# What can you get FTA on a 20" dish?



## CrAlt (Aug 31, 2004)

Hello all!

Im a tech for DISH and have some old hardware custumers just gave me that i didnt need to RMA..

I was wondering what is out there that would come in on a 20" "dish 500" setup? I know there are a few channels on 110/119 that come in before the box is activated (NASA TV,home shopping stuff, etc..) but what else is out there on other birds? 

I was thinking about saving up for a real FTA setup but for now i would like to see what i can get with what i have with free junk. No im not looking to hack boxes or anything..i pay for service on normal 119/110 channels. 

I dont work much with the 61.5 bird I know when im on a roof setting up a dish for it i hit 2 or 3 other signals on the channel master before i get the right one.


----------



## BabaLouie (Apr 2, 2004)

CrAlt said:


> Hello all!
> 
> Im a tech for DISH and have some old hardware custumers just gave me that i didnt need to RMA..
> 
> ...


I use a 20" dish with two lnbfs as part of my FTA setup...There's not much FTA on 110, but 119 has a whole bunch of commercial-free music audio channels of which I enjoy several...it also has the Angel One and the NASA TV channels. With a 20" dish, you should also be able to pick up the Nimiq satellites (I think they are at 82 and 91) and pick up a lot of free audio channels off the ExpressVu service. I might be wrong, but I don't think there's much for free video channels on those satellites.

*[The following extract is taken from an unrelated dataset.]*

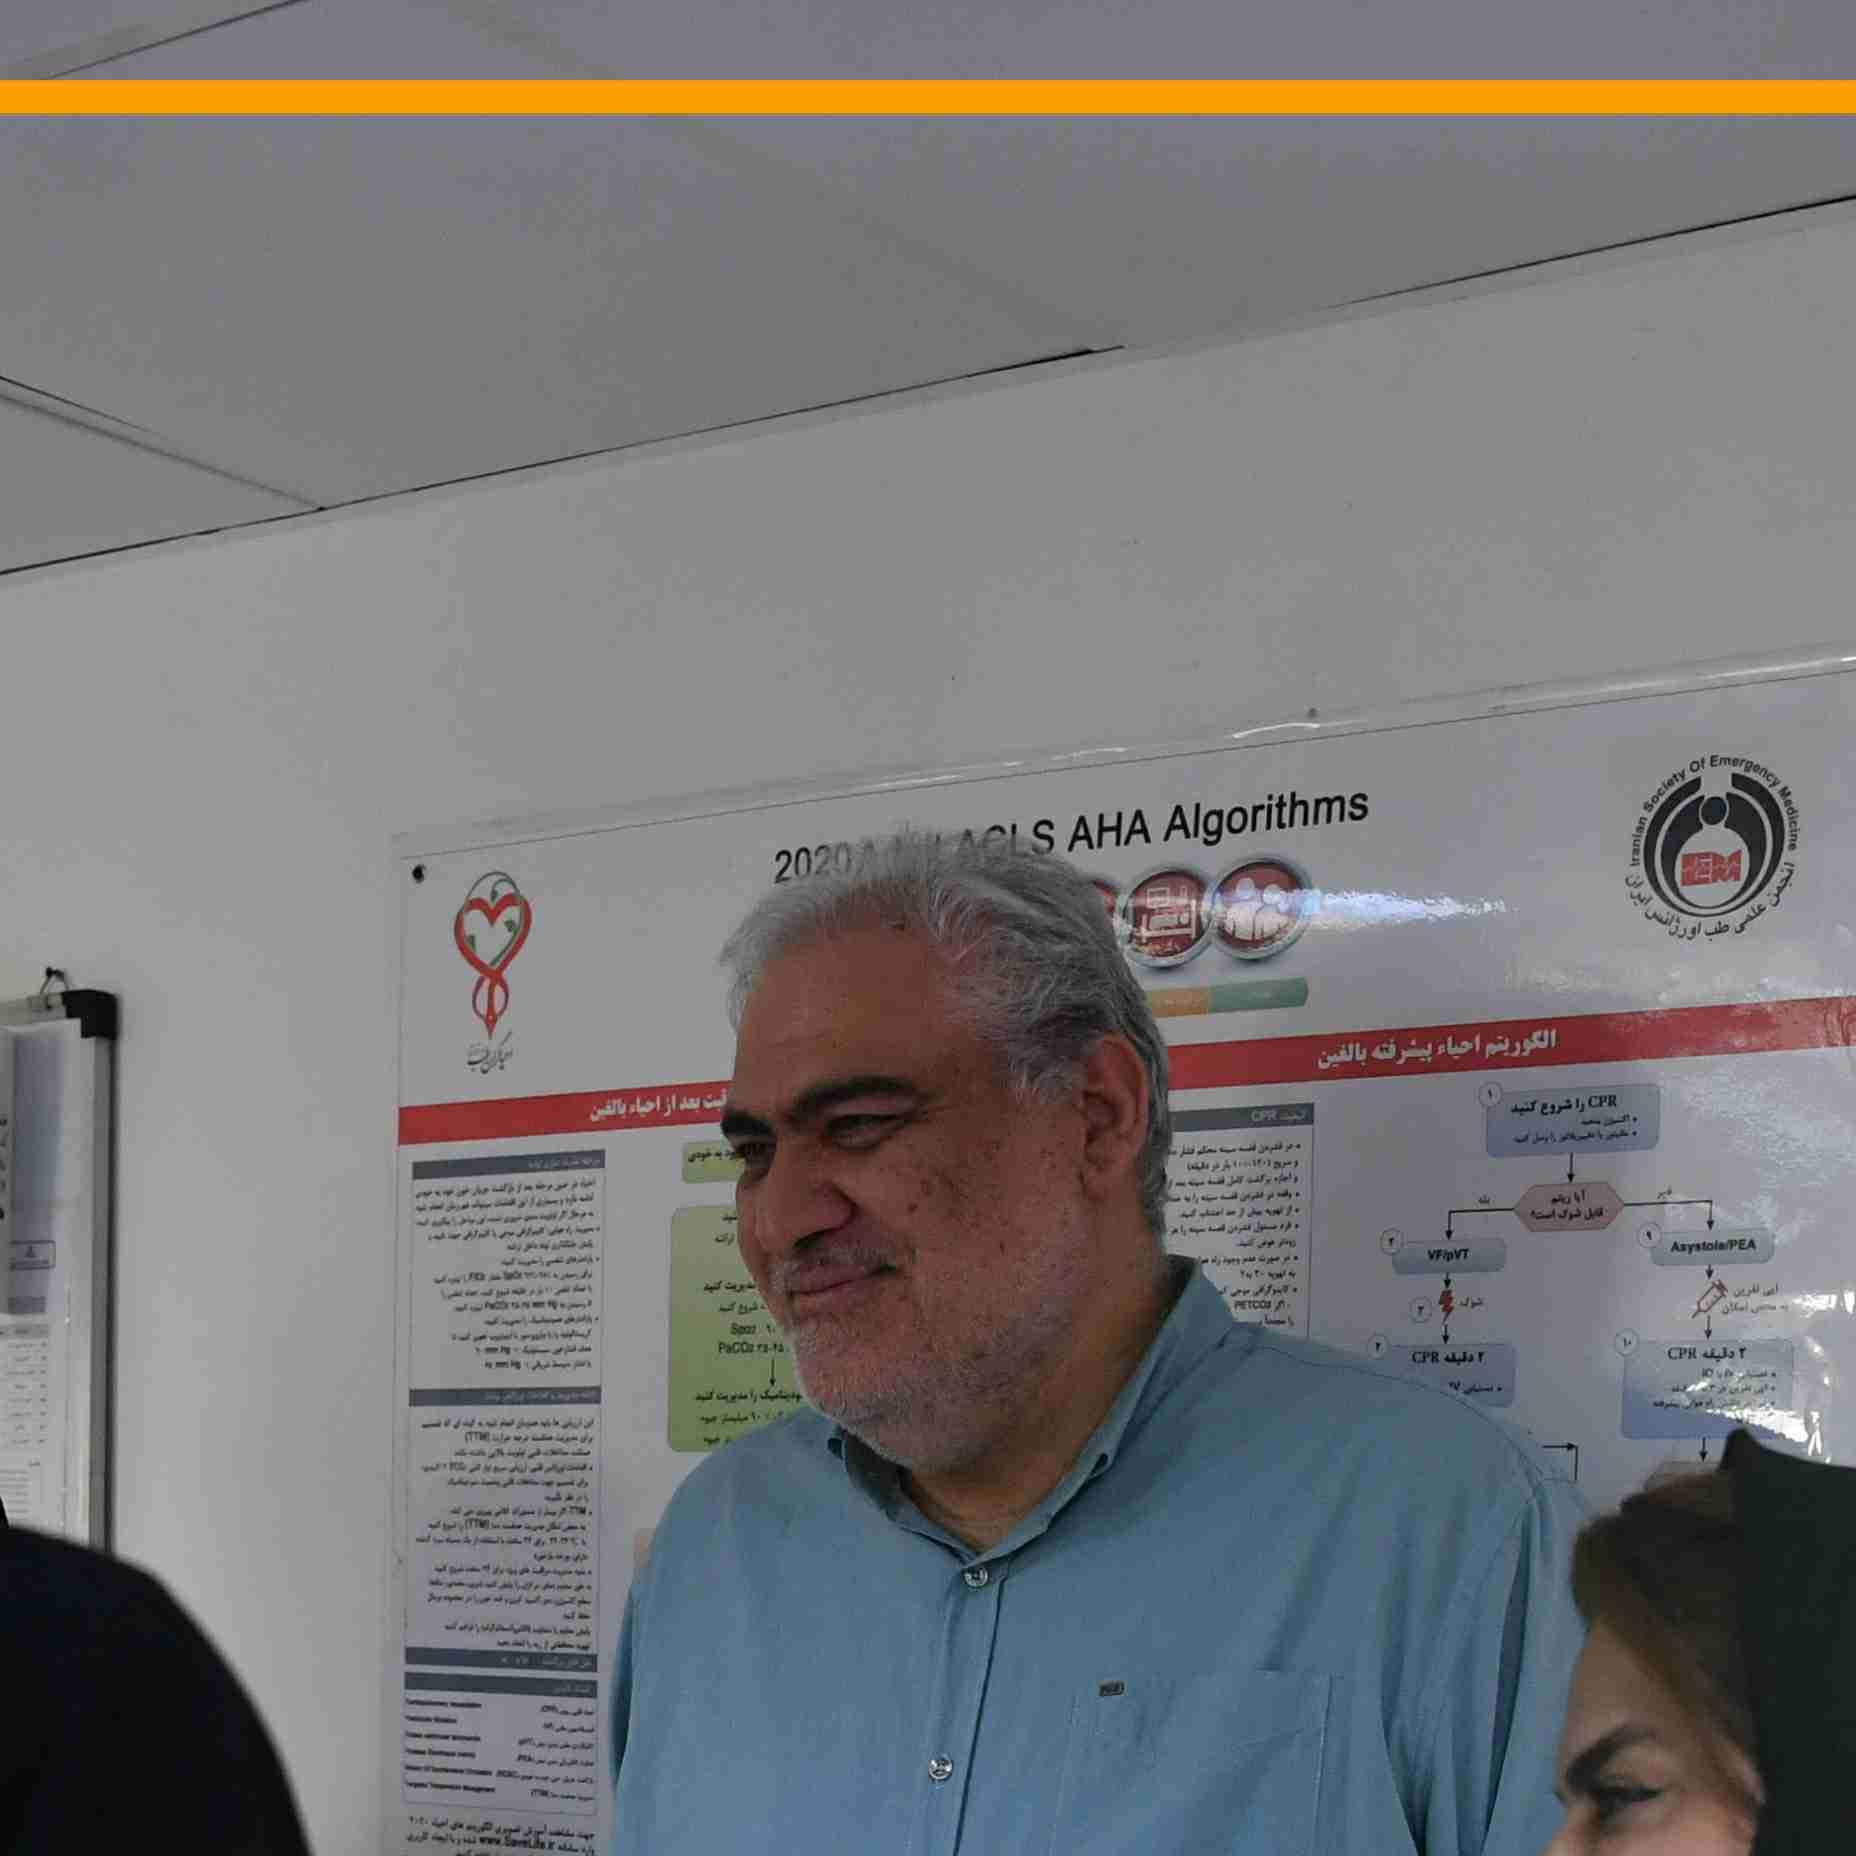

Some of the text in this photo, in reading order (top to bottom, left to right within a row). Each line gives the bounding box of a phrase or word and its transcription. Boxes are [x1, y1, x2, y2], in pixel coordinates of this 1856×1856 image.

According to Lyngsat, for awhile last week there were some 14 channels free-to-air on 61.5, including several premium movie channels, but I doubt whether such
offerings would continue for long.


----------



## TonyM (Aug 14, 2003)

I'll re-post what my alter ego, Iceberg, posted over at satelliteguys.us

I know this question has been asked alot, so I'll answer it here

"What can I get with a 18" dish" or "What can I get with a Dish 500"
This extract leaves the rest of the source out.